START Exercise data

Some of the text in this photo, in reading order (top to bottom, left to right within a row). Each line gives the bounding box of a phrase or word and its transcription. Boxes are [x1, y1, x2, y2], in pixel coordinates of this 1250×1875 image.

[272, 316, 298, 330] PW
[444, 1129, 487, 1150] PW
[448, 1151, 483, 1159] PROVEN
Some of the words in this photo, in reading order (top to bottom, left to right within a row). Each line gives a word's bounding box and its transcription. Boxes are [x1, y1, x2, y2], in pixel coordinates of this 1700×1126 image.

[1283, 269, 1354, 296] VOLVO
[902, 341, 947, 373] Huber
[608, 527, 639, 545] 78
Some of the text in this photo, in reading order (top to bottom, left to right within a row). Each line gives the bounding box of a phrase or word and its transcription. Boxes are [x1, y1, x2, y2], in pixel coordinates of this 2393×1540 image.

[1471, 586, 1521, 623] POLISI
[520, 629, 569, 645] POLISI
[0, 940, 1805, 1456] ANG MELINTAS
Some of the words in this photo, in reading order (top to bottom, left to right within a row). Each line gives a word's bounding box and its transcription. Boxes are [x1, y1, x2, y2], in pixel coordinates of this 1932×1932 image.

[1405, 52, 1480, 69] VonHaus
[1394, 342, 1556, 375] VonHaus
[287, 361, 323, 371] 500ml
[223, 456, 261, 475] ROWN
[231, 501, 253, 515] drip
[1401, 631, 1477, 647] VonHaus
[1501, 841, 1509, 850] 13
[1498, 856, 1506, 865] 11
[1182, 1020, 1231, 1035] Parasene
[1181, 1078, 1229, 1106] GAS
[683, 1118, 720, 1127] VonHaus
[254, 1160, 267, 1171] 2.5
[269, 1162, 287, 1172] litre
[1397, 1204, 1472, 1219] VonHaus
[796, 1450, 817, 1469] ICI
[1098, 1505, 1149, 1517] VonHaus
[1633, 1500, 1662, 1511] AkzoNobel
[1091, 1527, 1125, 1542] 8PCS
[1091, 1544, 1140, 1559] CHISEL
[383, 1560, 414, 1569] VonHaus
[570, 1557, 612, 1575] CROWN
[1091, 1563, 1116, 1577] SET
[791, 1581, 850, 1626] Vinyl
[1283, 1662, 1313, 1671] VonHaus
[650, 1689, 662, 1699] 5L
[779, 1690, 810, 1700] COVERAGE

END Exercise data

**Prompt:** The required output is the line holding "this 1700×1126 image." plus every line after it in the data, reproduced exactly.

**Solution to this exercise:**
Some of the words in this photo, in reading order (top to bottom, left to right within a row). Each line gives a word's bounding box and its transcription. Boxes are [x1, y1, x2, y2], in pixel coordinates of this 1700×1126 image.

[1283, 269, 1354, 296] VOLVO
[902, 341, 947, 373] Huber
[608, 527, 639, 545] 78
Some of the text in this photo, in reading order (top to bottom, left to right within a row). Each line gives the bounding box of a phrase or word and its transcription. Boxes are [x1, y1, x2, y2], in pixel coordinates of this 2393×1540 image.

[1471, 586, 1521, 623] POLISI
[520, 629, 569, 645] POLISI
[0, 940, 1805, 1456] ANG MELINTAS
Some of the words in this photo, in reading order (top to bottom, left to right within a row). Each line gives a word's bounding box and its transcription. Boxes are [x1, y1, x2, y2], in pixel coordinates of this 1932×1932 image.

[1405, 52, 1480, 69] VonHaus
[1394, 342, 1556, 375] VonHaus
[287, 361, 323, 371] 500ml
[223, 456, 261, 475] ROWN
[231, 501, 253, 515] drip
[1401, 631, 1477, 647] VonHaus
[1501, 841, 1509, 850] 13
[1498, 856, 1506, 865] 11
[1182, 1020, 1231, 1035] Parasene
[1181, 1078, 1229, 1106] GAS
[683, 1118, 720, 1127] VonHaus
[254, 1160, 267, 1171] 2.5
[269, 1162, 287, 1172] litre
[1397, 1204, 1472, 1219] VonHaus
[796, 1450, 817, 1469] ICI
[1098, 1505, 1149, 1517] VonHaus
[1633, 1500, 1662, 1511] AkzoNobel
[1091, 1527, 1125, 1542] 8PCS
[1091, 1544, 1140, 1559] CHISEL
[383, 1560, 414, 1569] VonHaus
[570, 1557, 612, 1575] CROWN
[1091, 1563, 1116, 1577] SET
[791, 1581, 850, 1626] Vinyl
[1283, 1662, 1313, 1671] VonHaus
[650, 1689, 662, 1699] 5L
[779, 1690, 810, 1700] COVERAGE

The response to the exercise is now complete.